Out of his class of 35 people, there were six women and two other African American men, U.S. Air Force Col. Frederick Gregory and physicist Ron McNair. The classmates were all cognizant of the fact that one person would be first woman in space and one would be the first African American in space. As fate would have it, Bluford took the latter honor.
"My goal was really to just make a contribution," Bluford said in the Penn State interview. "I really didn't anticipate being the first African American in space. I didn't push for that, but I was pleasantly surprised by it."
That first flight was on mission STS-8, which launched from Kennedy Space Center, Fla., Aug. 30, 1983, aboard the Orbiter Challenger.
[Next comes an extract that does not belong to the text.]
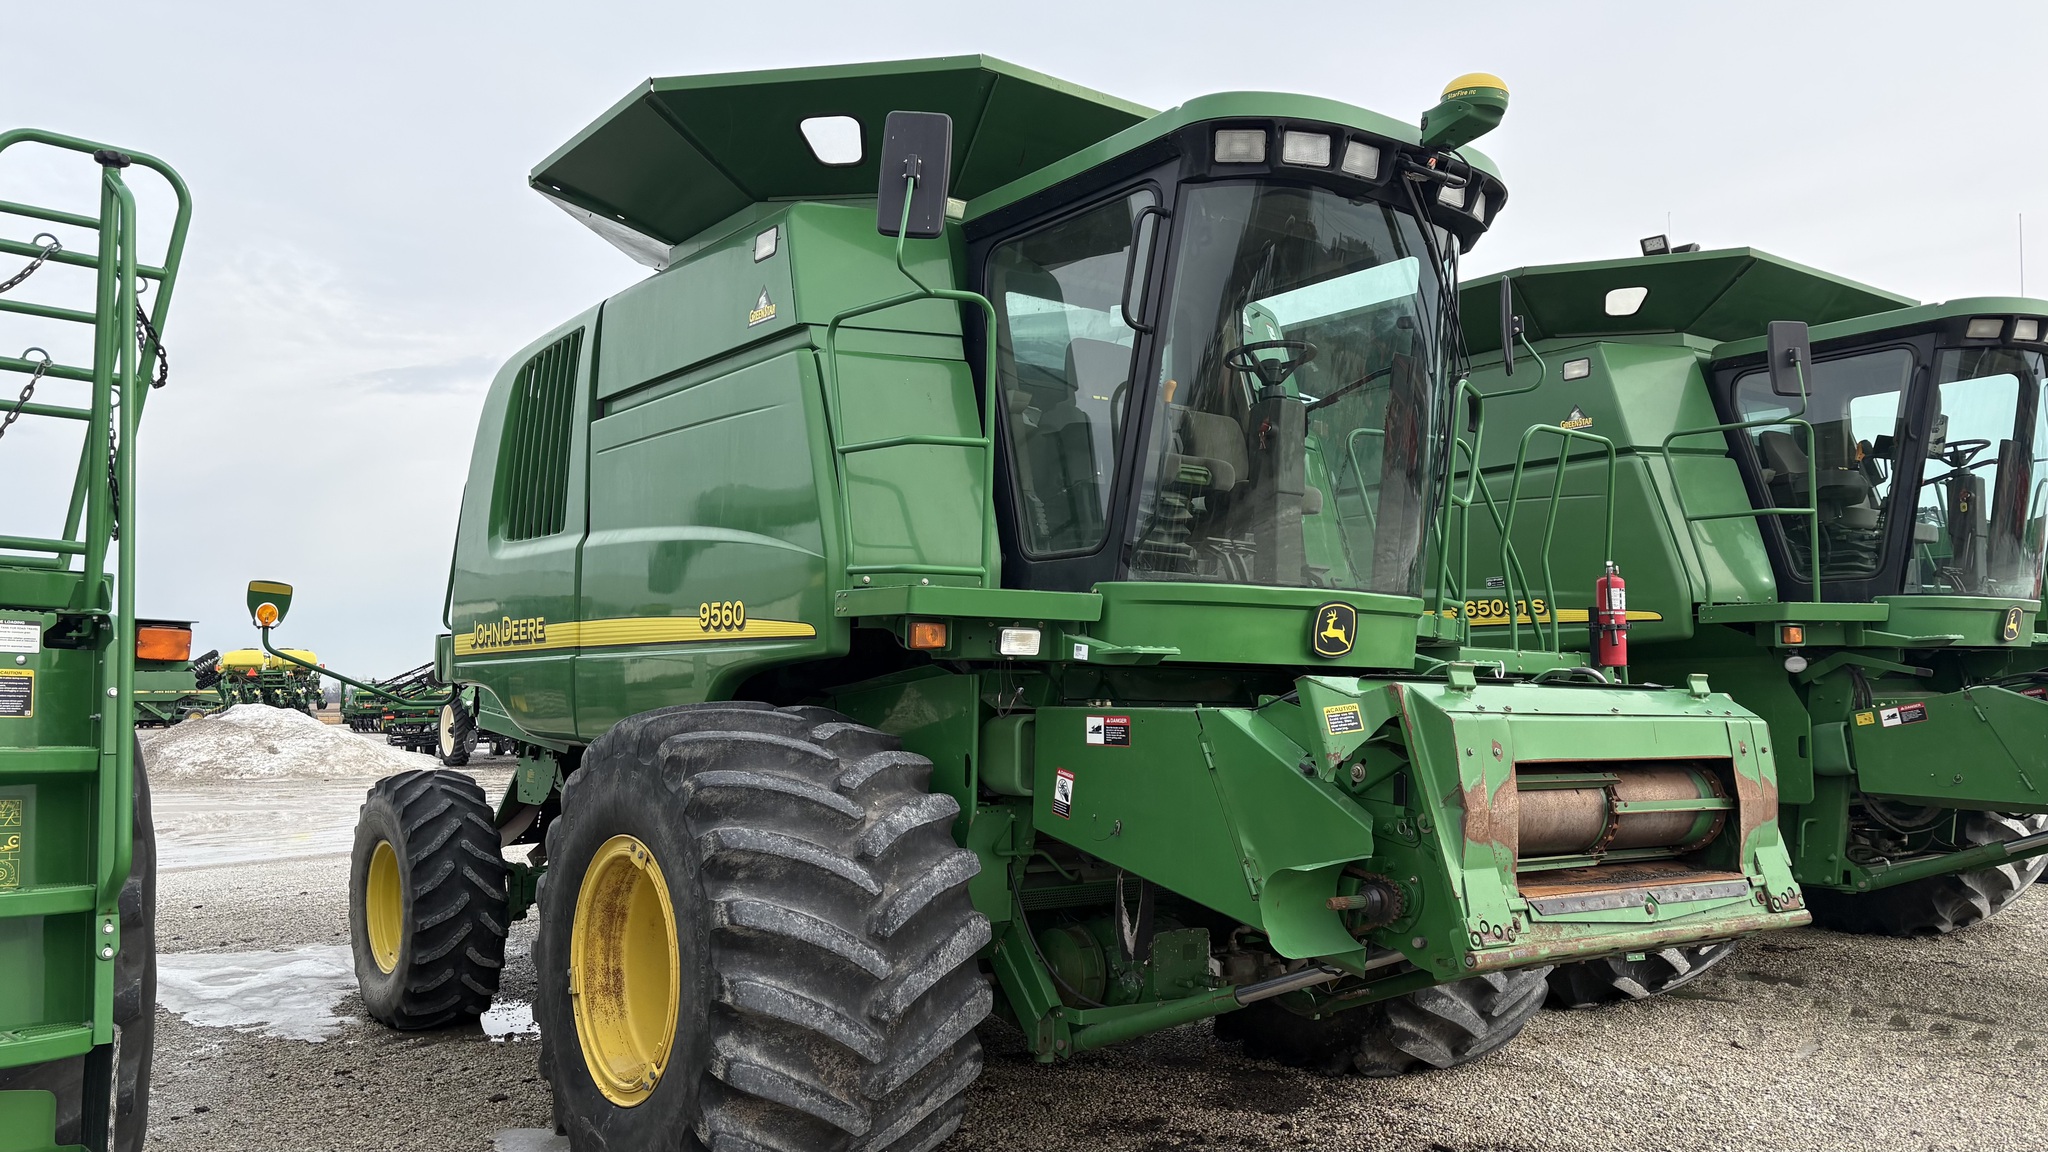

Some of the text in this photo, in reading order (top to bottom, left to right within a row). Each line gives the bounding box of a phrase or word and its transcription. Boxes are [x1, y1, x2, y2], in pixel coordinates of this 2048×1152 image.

Bluford made three other flights after that, in 1985, 1991 and 1992. In those missions he did everything from laboratory experiments to satellite deployments to a classified military mission.
With all of that time spent in space, the awe began to wear off.
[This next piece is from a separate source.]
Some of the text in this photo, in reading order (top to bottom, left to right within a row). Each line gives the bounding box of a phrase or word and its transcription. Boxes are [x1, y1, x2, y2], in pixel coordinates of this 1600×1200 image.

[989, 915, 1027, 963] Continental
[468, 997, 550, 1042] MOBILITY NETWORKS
"I would kid the rookies and I would say, 'Hey, don't get too excited; this is just a business trip,'" Bluford said in the Penn State interview. "'We're only going to be out of town eight days.' ... I recognized from my point of view that I had seen it all. So the awe was still there, but it wasn't as strong as it was on the first flight."
And no wonder: By the time his final flight touched down at Edwards AFB, Calif., Dec. 9, 1992, he had logged more than 688 hours in space.
Bluford left NASA and retired from the Air Force in July 1993, but he has continued to lead the field of aerospace engineering, taking on leadership roles in a number of research and consulting organizations. He realizes, however, that his experiences have also thrust him into the position of a role model for minorities looking to get into a science and engineering career. In his Penn State interview, Bluford said that even though he grew up with an engineer father and teacher mother, his road to success was not easy. It took persistence and focus ... and having a clear goal in mind.
"I was very fortunate in the sense that I knew who I was," he said. "And I kid people all the time about the fact that they pay me to have a good time. I've been having a good time for the last thirty to forty years doing things that I enjoy."
In other words, he reached for the stars ... and caught them.